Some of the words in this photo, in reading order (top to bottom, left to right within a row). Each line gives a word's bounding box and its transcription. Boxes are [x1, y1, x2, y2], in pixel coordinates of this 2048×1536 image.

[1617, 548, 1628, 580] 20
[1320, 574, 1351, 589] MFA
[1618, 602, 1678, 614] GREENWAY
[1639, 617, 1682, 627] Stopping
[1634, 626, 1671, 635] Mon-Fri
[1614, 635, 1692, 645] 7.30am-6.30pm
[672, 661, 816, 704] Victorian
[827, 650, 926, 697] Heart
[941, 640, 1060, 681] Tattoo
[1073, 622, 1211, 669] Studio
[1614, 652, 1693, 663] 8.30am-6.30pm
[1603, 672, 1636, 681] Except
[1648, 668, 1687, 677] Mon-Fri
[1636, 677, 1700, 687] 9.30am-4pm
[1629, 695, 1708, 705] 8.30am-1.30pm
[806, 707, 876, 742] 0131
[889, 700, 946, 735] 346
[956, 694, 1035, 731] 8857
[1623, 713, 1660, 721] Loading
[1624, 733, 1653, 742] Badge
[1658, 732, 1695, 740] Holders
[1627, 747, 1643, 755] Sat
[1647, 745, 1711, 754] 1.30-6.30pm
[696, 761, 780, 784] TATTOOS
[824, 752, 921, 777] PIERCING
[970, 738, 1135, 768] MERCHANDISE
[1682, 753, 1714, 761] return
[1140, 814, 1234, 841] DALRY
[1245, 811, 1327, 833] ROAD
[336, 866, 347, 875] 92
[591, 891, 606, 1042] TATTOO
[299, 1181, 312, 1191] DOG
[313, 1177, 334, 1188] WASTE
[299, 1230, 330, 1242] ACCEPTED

# # # # #

Restate all of the lines in the material exactly as they are.

> _Output below_
Some of the words in this photo, in reading order (top to bottom, left to right within a row). Each line gives a word's bounding box and its transcription. Boxes are [x1, y1, x2, y2], in pixel coordinates of this 2048×1536 image.

[1617, 548, 1628, 580] 20
[1320, 574, 1351, 589] MFA
[1618, 602, 1678, 614] GREENWAY
[1639, 617, 1682, 627] Stopping
[1634, 626, 1671, 635] Mon-Fri
[1614, 635, 1692, 645] 7.30am-6.30pm
[672, 661, 816, 704] Victorian
[827, 650, 926, 697] Heart
[941, 640, 1060, 681] Tattoo
[1073, 622, 1211, 669] Studio
[1614, 652, 1693, 663] 8.30am-6.30pm
[1603, 672, 1636, 681] Except
[1648, 668, 1687, 677] Mon-Fri
[1636, 677, 1700, 687] 9.30am-4pm
[1629, 695, 1708, 705] 8.30am-1.30pm
[806, 707, 876, 742] 0131
[889, 700, 946, 735] 346
[956, 694, 1035, 731] 8857
[1623, 713, 1660, 721] Loading
[1624, 733, 1653, 742] Badge
[1658, 732, 1695, 740] Holders
[1627, 747, 1643, 755] Sat
[1647, 745, 1711, 754] 1.30-6.30pm
[696, 761, 780, 784] TATTOOS
[824, 752, 921, 777] PIERCING
[970, 738, 1135, 768] MERCHANDISE
[1682, 753, 1714, 761] return
[1140, 814, 1234, 841] DALRY
[1245, 811, 1327, 833] ROAD
[336, 866, 347, 875] 92
[591, 891, 606, 1042] TATTOO
[299, 1181, 312, 1191] DOG
[313, 1177, 334, 1188] WASTE
[299, 1230, 330, 1242] ACCEPTED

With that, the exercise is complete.